ギター男子とのトーク158 「先生は、先生のギターを愛してるのですね?」
もう、習い始めて2年以上になる、70代の生徒さんが言った。
「先生は、先生の持っているギターを、こよなく愛してるんでしょうね?」
「 いいえ、愛してはいないですよ。ただの、大事な道具だと思ってますよ。」
「えっ!?、そうなんですか?、、、てっきり私のように、時折、ギターを眺めては、うっとりしてるのかと…」
「ええ、若いときには、そういう時期もありましたが、 今は、楽器に対してそういう感情は全くなく、いわば楽器への、『悟りの境地(笑)』、に至りましたよ。

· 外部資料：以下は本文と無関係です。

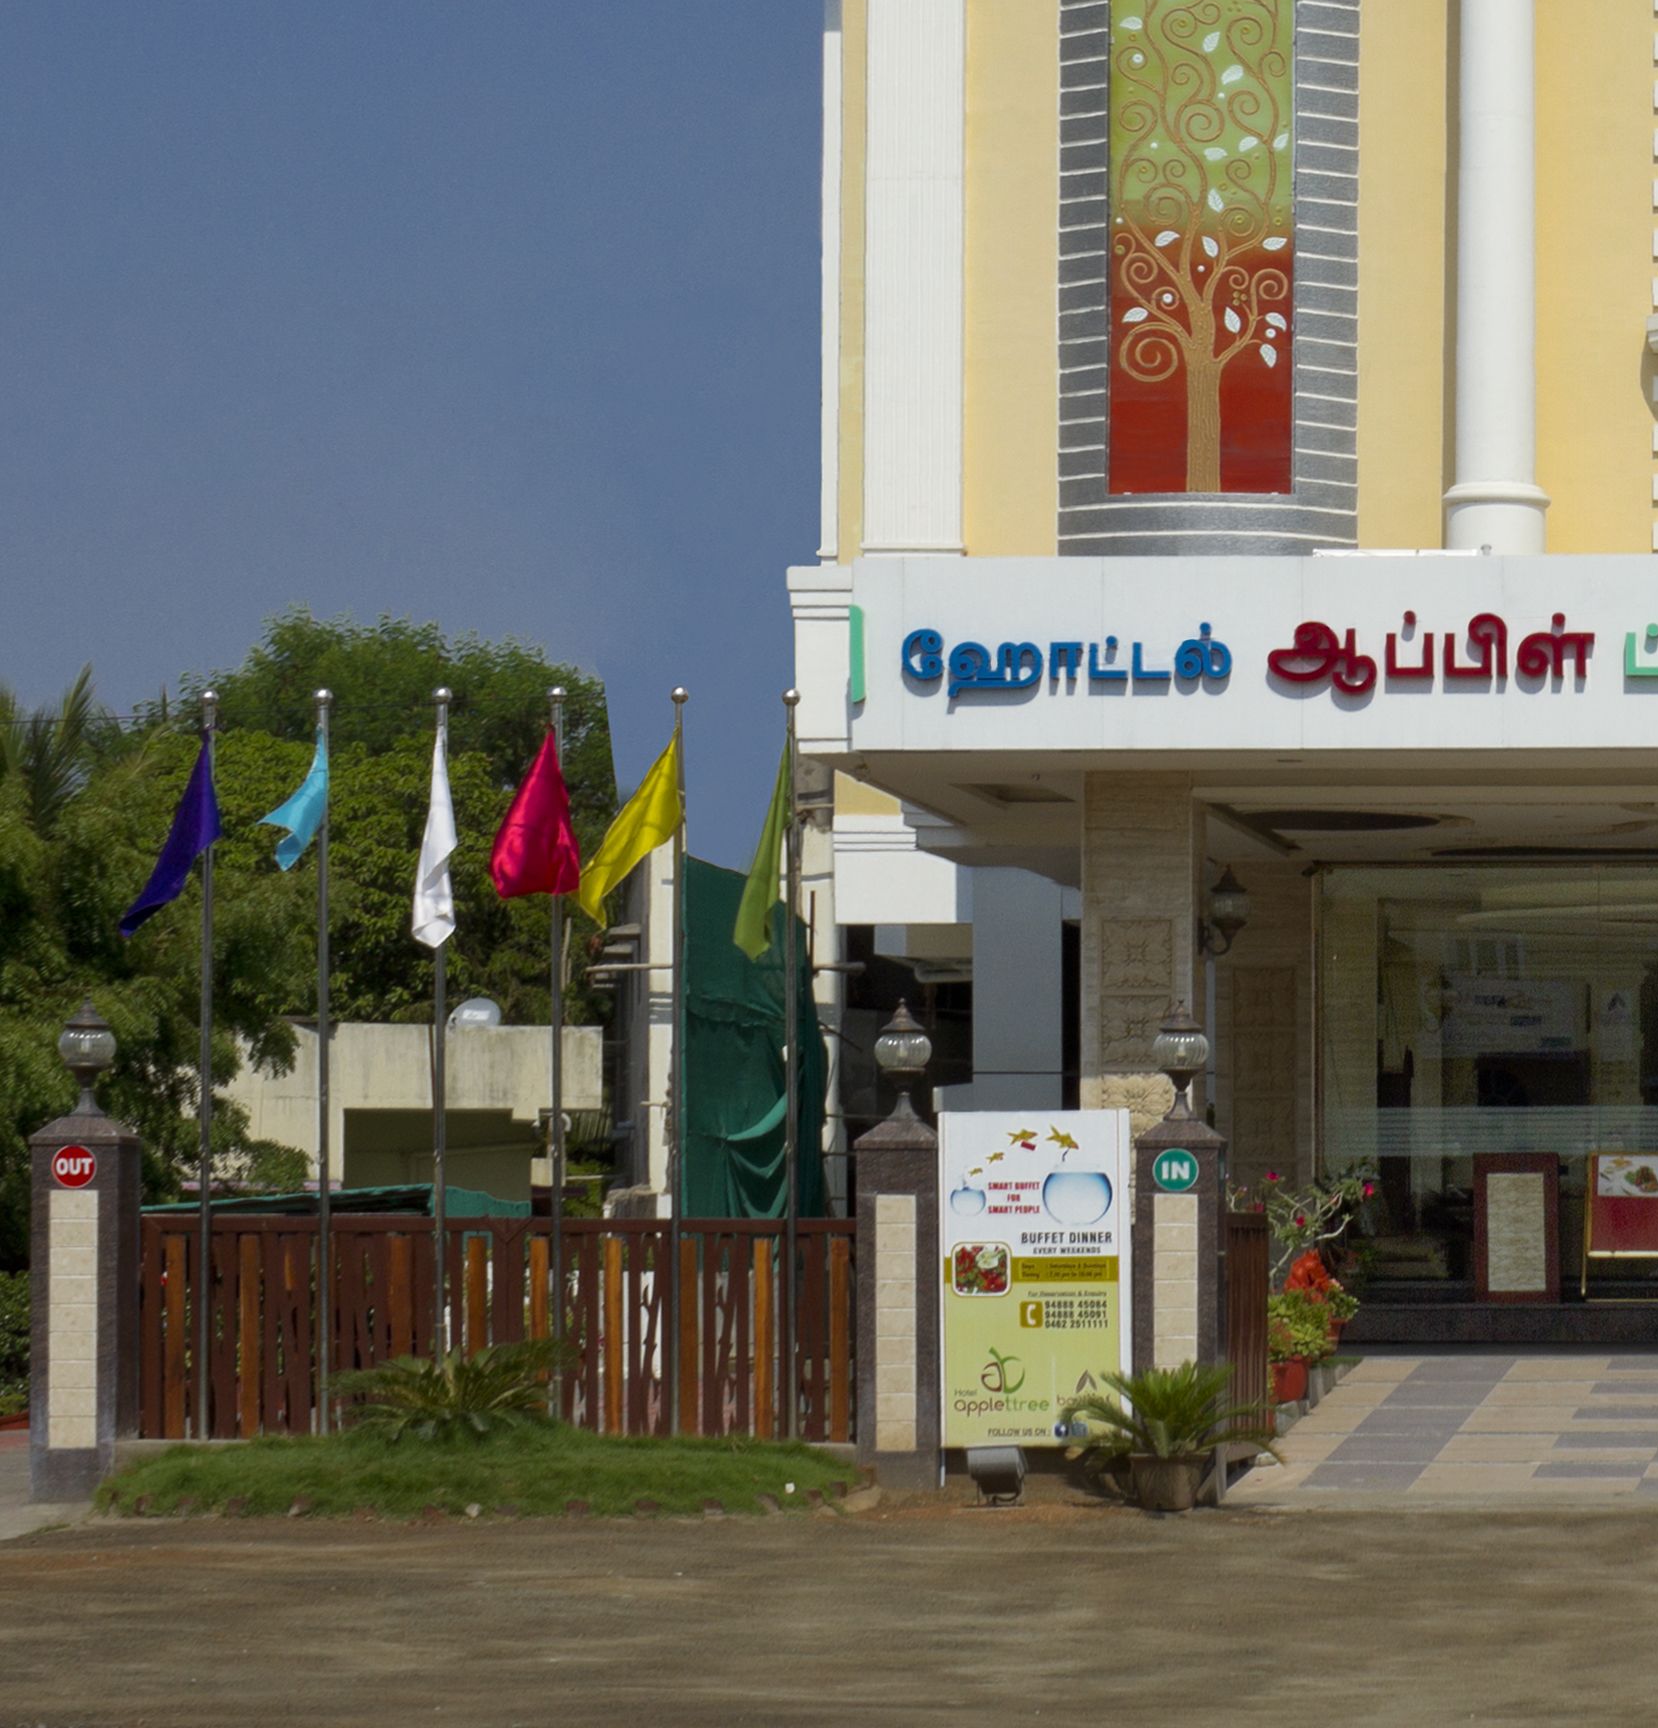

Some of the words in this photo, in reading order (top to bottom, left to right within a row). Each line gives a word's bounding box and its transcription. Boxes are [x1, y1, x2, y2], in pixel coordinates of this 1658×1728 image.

[901, 622, 1233, 698] ஹோட்டல்
[1267, 609, 1595, 696] ஆப்பிள்
[55, 1157, 94, 1176] OUT
[1161, 1161, 1190, 1180] IN
[988, 1181, 1013, 1190] SMART
[1015, 1181, 1040, 1190] BUFFET
[1007, 1193, 1021, 1202] FOR
[988, 1205, 1013, 1214] SMART
[1015, 1205, 1040, 1214] PEOPLE
[1021, 1232, 1065, 1244] BUFFET
[1069, 1232, 1113, 1244] DINNER
[1033, 1247, 1057, 1255] EVERY
[1060, 1246, 1102, 1254] WEEKENDS
[954, 1388, 977, 1397] Hotel
[953, 1396, 1050, 1418] applettree
[987, 1428, 1020, 1437] FOLLOW
[1022, 1428, 1033, 1437] US
[1034, 1427, 1047, 1437] ON

まぁ、なんというか?、以前にも書いたような 気がするけど、大工さんがお気に入りの、『カナヅチ』、があったとします。でもそれは、道具として使い勝手が良いので、 大事な道具として扱っているだけだと思います。
カナヅチを愛しているのではないだろう?、と私は思います。
まぁ、大工さんでも、 音楽人でも、人によって、長年、その道具に愛着というか?、ここで言う愛してる人も、いておかしくはないのだが…
私は愛着というよりか、必要な道具として、ことさら過保護に手入れしすぎることもなく、雑に扱いすぎることもなく、(私の性格上、少々雑で、よく倒したり、ぶつけたりしてしまうのだが、、、)、ただずっと、それを使っているっていう感じです。

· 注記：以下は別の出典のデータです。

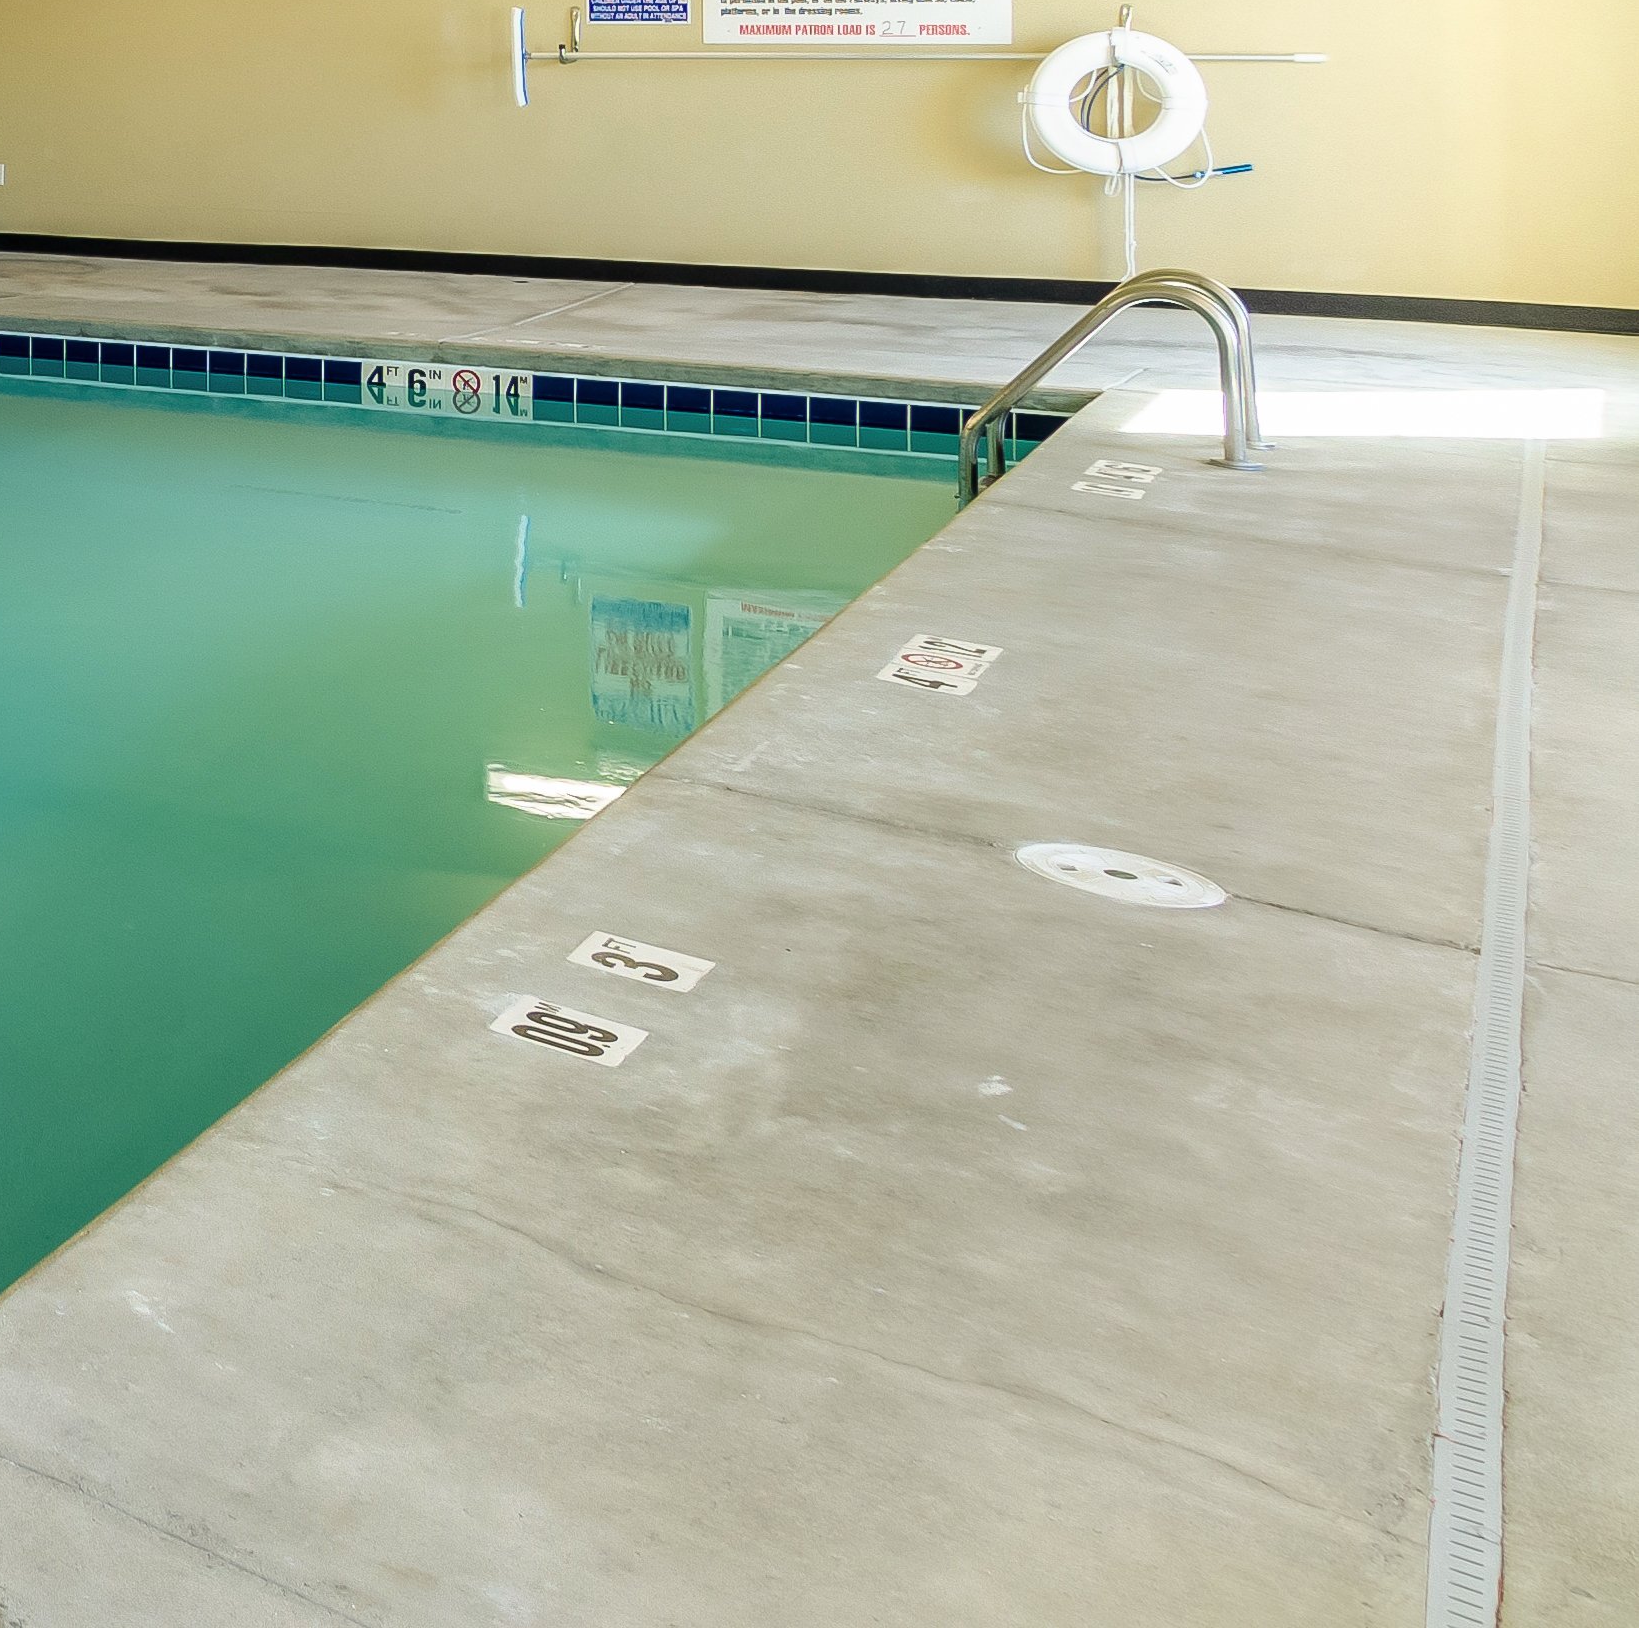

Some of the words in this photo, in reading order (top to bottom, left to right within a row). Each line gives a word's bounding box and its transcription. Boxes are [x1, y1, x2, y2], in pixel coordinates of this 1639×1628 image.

[740, 25, 792, 36] MAXIMUM
[795, 25, 834, 36] PATRON
[838, 25, 863, 36] LOAD
[866, 25, 876, 36] IS
[882, 21, 906, 35] 27
[919, 25, 971, 36] PERSONS.
[367, 366, 386, 388] 4
[429, 370, 441, 380] IN
[492, 374, 520, 397] 14
[891, 673, 958, 689] 4
[602, 937, 637, 954] FT
[591, 951, 679, 982] 3

ですが、私はギターを弾くこと、自分の作曲した曲に対して、(愛している)、と言えると思いますよ。』
「そうだったんですか?なんだかびっくりです。てっきり私と同じか?と思ってました。」
「ええ、私はそういう感じなんですが、そういう愛する気持ちもあったほうが、いいのかな?、とも思います。ですが、私の性格上、 それは違う、、、そうはならない、ということなんです。」